The model makes some clear predictions about this process. First, it depends critically on the existence of stripe cells. Cells in intermediate and deep layers of the MEC, as well as the parasubiculum, Everolimus mouse may occasionally fire more strongly along one of the grid axes than the two others, but nonperiodic band activity has not been
reported in any of these regions so far. Furthermore, the model makes the clear prediction that a certain amount of spatial experience is necessary before grid patterns can be expressed. This suggestion is supported by simulations showing that inputs from stripe cells with randomized angular separations can generate stable hexagonal grid patterns after a few hours of exploration time.
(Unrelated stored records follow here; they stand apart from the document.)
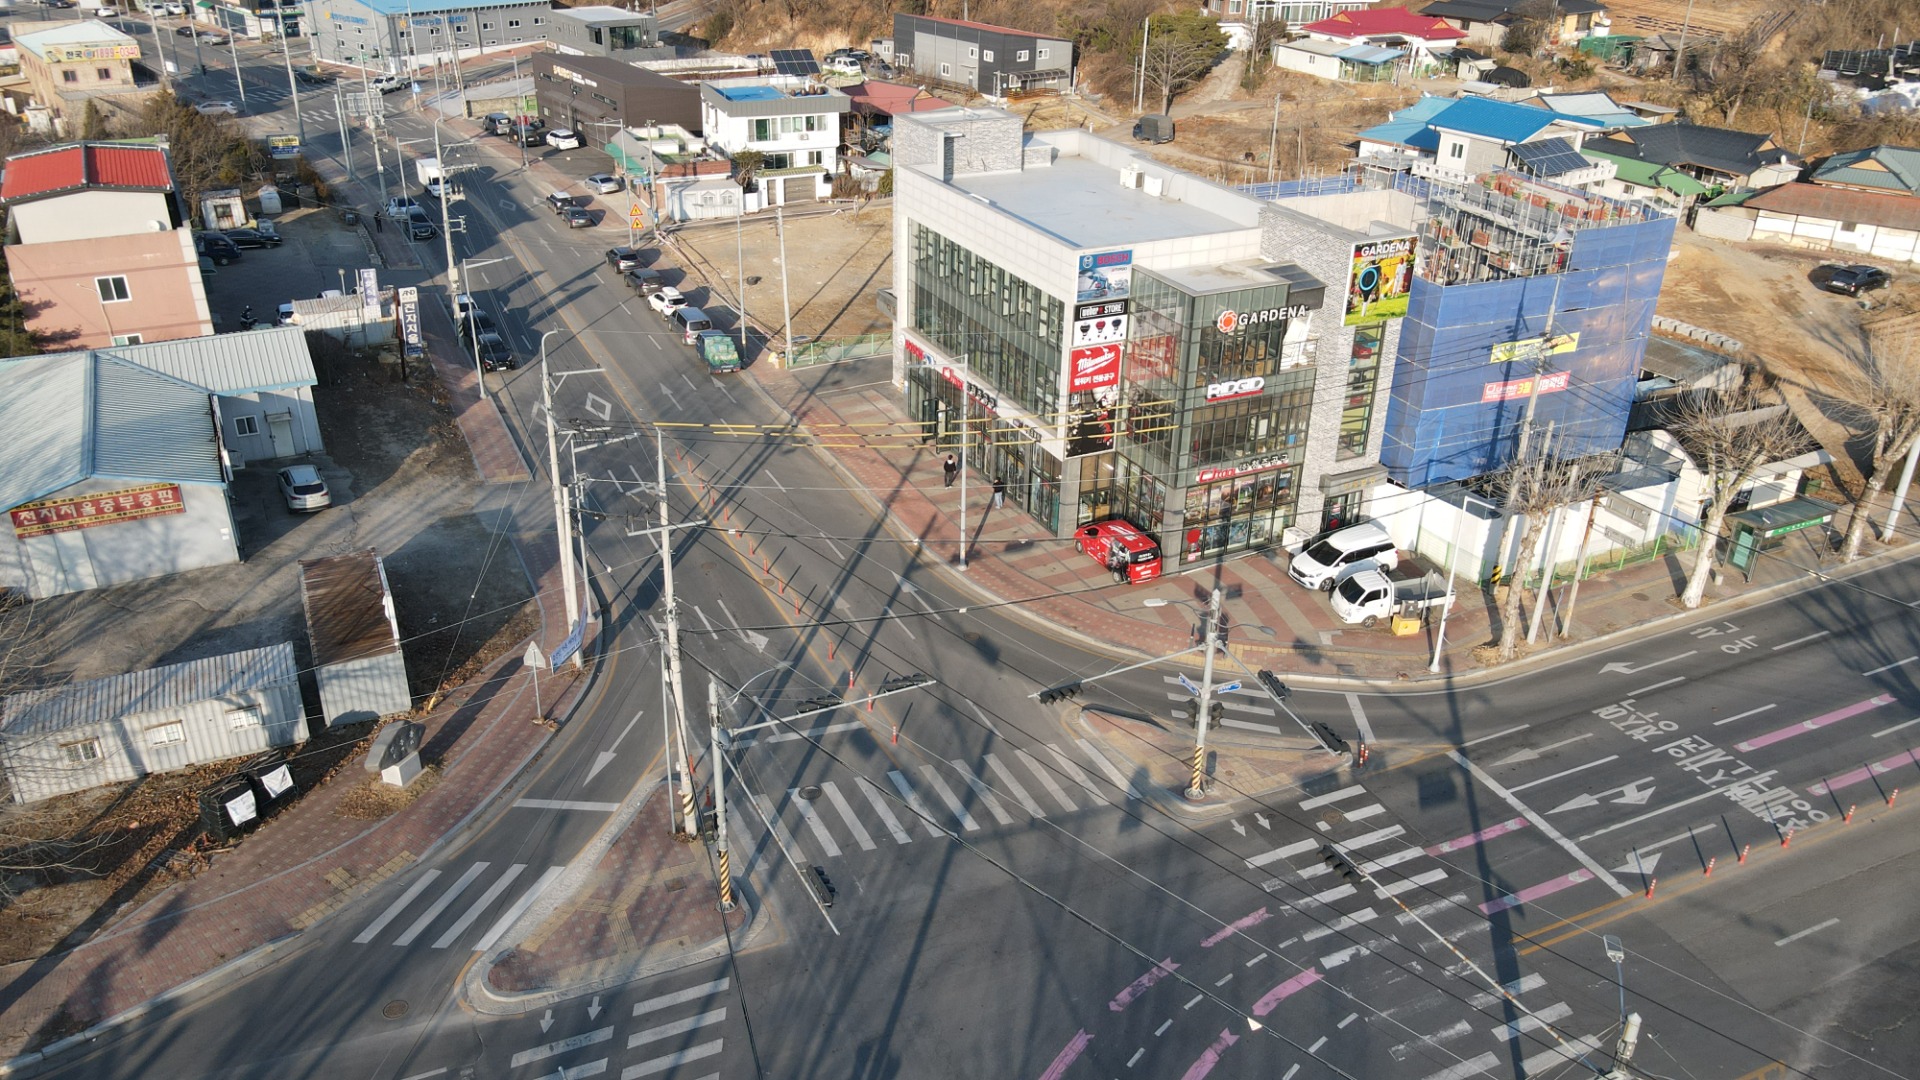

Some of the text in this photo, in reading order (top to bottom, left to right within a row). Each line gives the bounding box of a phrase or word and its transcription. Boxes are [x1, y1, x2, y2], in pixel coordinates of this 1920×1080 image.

[1360, 241, 1410, 257] GARDENA
[1096, 253, 1129, 266] BOSCH
[1104, 303, 1123, 314] STORE
[1238, 306, 1307, 326] GARDENA
[404, 303, 420, 344] 전자저울
[1074, 372, 1116, 387] 밀워키 전동공구
[1207, 377, 1265, 400] RIDGID
[1651, 734, 1759, 789] 조치원
This is not incompatible with experimental data, as stable regular grid patterns only appear several days after developing animals start exploring spaces outside the nest (Langston et al., 2010 and Wills et al., 2010); however, the limited data that exist suggest that grid formation is more dependent on the maturational stage of
the MEC than the amount of experience (Wills et al., Docetaxel datasheet 2010). Finally, if stripe cells are identified in the future, it would be important to examine during development what happens to cells with nonpreferred orientations that lose the competition. Are these cells retuned to one of the three predominant orientations, or do they die out? Does the brain retain stripe cells that do not project to grid cells? If so, what would be their function? Whereas nearly all models for grid cells are based on path-integration mechanisms, one model
stands out by suggesting that the formation of grid fields occurs with spatial rather than velocity-related inputs (Kropff and Treves, 2008). In this model, grid fields are formed by Hebbian self-organization in a TCL competitive network, much like grid cells are suggested to emerge from stripe cells in the self-organized learning model of Mhatre et al. (2010). Neurons must include the crucial ingredient of an adaptation or fatigue dynamics, which makes the spacing of the resulting grid fields scale roughly like the average running speed multiplied by the time constant for adaptation. Although not explicitly evaluated in the model, the grid pattern could also be obtained with other kinds of temporal modulation of spike activity, such as changes in the time constants of spike repolarization, which are known to differ between dorsal and ventral MEC (Boehlen et al., 2010 and Navratilova et al., 2011). A crucial prediction is a correlation between running speed and grid spacing, which is contrary to the apparent constancy of the grid scale when rats run at variable speed in an open field (Hafting et al., 2005). However, a systematic test of this relationship has not yet been made.